__TASK DETAILS__. The records below must be output exactly, without pictures.
*** GIVEN INFORMATION Section Begins ***
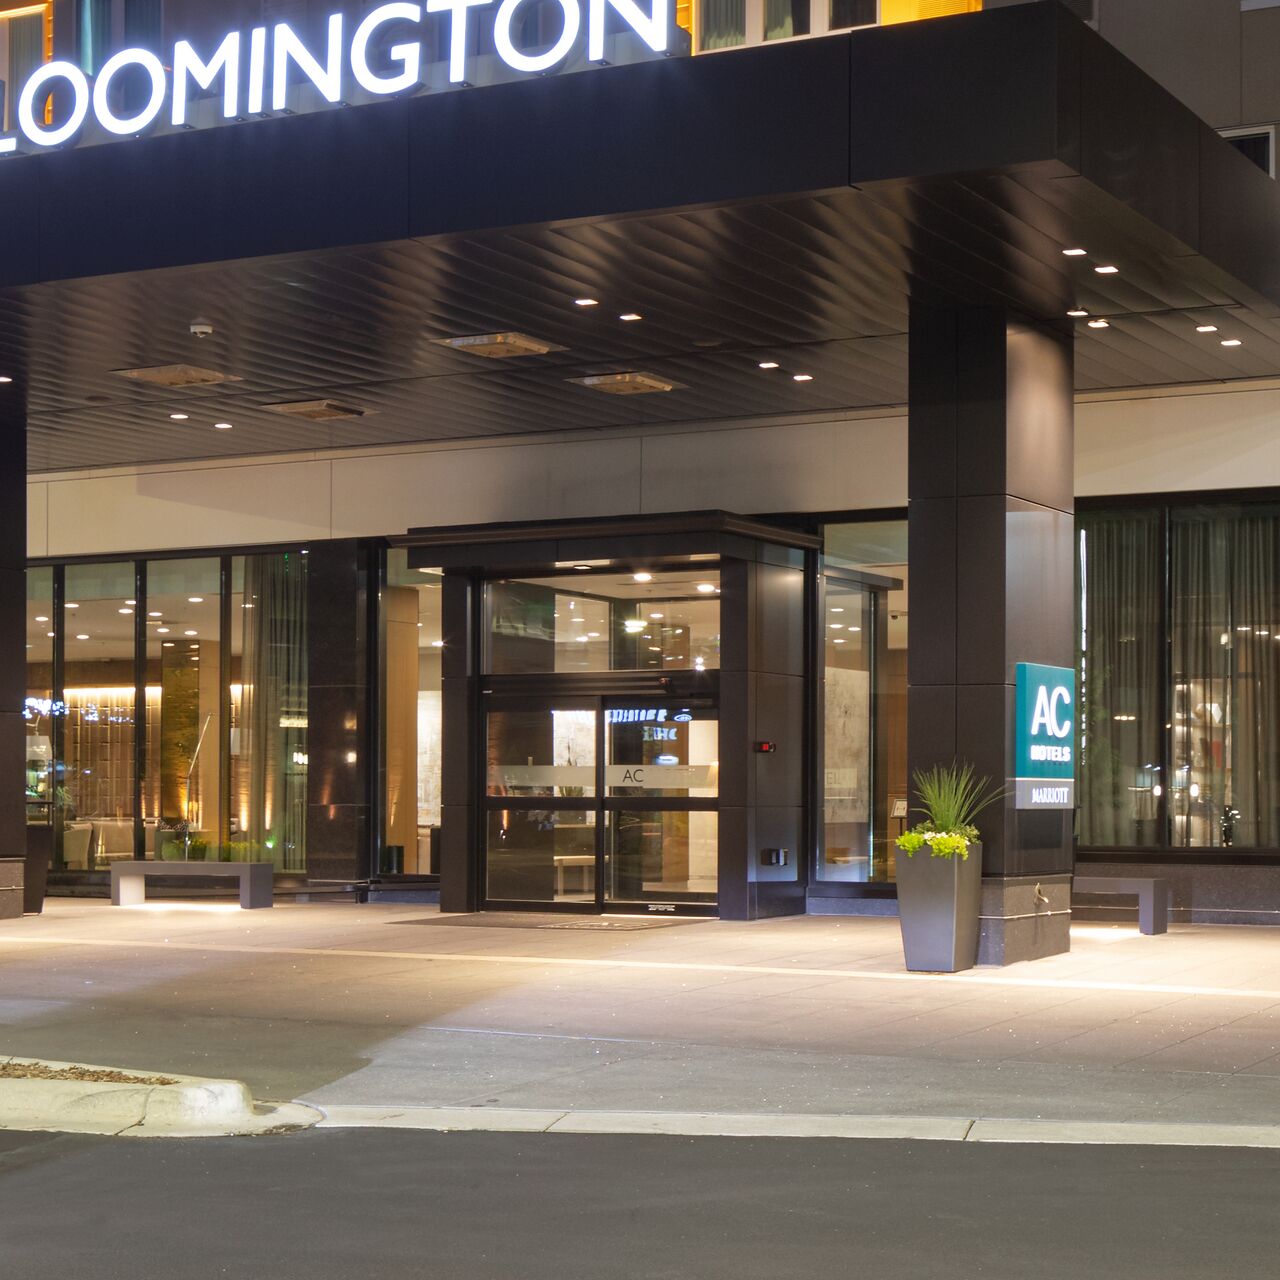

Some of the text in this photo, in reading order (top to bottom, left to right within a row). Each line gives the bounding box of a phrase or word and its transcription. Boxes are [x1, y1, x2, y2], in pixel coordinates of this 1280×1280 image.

[1031, 685, 1071, 738] AC
[1030, 744, 1071, 762] HOTELS
[622, 769, 644, 783] AC
[1031, 787, 1069, 804] MARRIOTT
*** GIVEN INFORMATION Section Ends ***
__EXERCISE OUTPUT__.
Some of the text in this photo, in reading order (top to bottom, left to right within a row). Each line gives the bounding box of a phrase or word and its transcription. Boxes are [x1, y1, x2, y2], in pixel coordinates of this 1280×1280 image.

[1031, 685, 1071, 738] AC
[1030, 744, 1071, 762] HOTELS
[622, 769, 644, 783] AC
[1031, 787, 1069, 804] MARRIOTT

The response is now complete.